READING – Parents and advocates said they need expanded learning opportunities during a public hearing of the Senate Education Committee today, according to Sen. Dave Argall (R-29), who chairs the committee.
The 2023-24 state budget approved by a bipartisan majority in the Senate contains $100 million to fund the PASS (Pennsylvania Award for Student Success) Program, which would provide low-income students in low-performing schools with scholarships to attend the school of their choice. Governor Shapiro has threatened to line-item veto this funding, after previously voicing support for the program.
Funding the PASS Program will empower parents and families in the education of their children and does not take a single dollar away from public schools. The state budget passed by the Senate also includes a $567 million increase in basic education funding.
“No option should be off the table when it comes to our children’s futures,” said Argall. “My colleague, Senator Anthony Williams (D-8), said it best during his remarks on the Senate floor a few short weeks ago: ‘THEY CANNOT WAIT’. We must ask ourselves the same question many parents consider every day: What can we do right now to give more students an opportunity for success?”
Two parents of students in the Reading School District, LeAnn Thomas and Sara Torres, testified about their dreams for their children to receive a quality education now.

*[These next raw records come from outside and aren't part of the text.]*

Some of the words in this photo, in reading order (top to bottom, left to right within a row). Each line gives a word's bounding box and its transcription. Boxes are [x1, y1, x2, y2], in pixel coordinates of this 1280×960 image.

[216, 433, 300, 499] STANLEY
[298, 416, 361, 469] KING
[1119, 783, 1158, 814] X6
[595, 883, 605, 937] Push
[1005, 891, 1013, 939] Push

Torres spoke about her wish for her son to become a lawyer, noting that “my son’s classmates, who are wonderful smart children who will run the future of our amazing city of Reading and will grow our great state of Pennsylvania, deserve the best education that our taxpayer dollars can provide.”
Thomas spoke about the welcoming atmosphere her son found at The King’s Academy, the second private school he has attended, mentioning that she feels other families deserve the same chance to find a school that works best for their children.

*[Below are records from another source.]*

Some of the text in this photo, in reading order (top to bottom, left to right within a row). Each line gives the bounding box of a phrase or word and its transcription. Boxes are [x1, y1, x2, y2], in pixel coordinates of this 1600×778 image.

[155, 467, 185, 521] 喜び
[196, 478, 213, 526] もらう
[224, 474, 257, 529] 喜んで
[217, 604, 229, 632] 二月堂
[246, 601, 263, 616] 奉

Michelle Goodman, the Head of School at The King’s Academy, shared stories about families who were searching for opportunities outside of the Reading School District but could not attend The King’s Academy due to financial restraints. She stated, “to persist with an “us vs them” stance while the future leaders of our country pay the price is short-sighted and only continues to perpetuate the problems we face.”
She also noted in her testimony that proficiency scores in reading and math for The King’s Academy students in grades 2-7 were 87% and 85%, respectively.

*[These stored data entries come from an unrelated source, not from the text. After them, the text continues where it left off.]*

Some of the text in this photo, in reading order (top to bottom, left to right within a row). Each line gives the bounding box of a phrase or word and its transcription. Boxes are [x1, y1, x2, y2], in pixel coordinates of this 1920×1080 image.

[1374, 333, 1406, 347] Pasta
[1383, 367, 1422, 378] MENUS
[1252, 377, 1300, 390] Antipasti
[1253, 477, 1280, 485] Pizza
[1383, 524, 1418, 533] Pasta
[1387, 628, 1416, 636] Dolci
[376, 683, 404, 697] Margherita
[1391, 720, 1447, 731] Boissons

Dr. Jennifer Murray, the Superintendent for the Reading School District, testified that prior to the covid-19 pandemic, the Reading School District “had shown slow and steady growth on local and state assessments.”
Since 2017, Basic Education Funding for Reading School District has increased by almost 50% to an estimated over $200 million in the 2023-24 state budget, totaling over $1.1 billion over the past seven years.
“Governor Shapiro has previously voiced support for the PASS Program. Even though he has threatened to veto this funding, there’s still time for him to stand up for students,” Argall continued.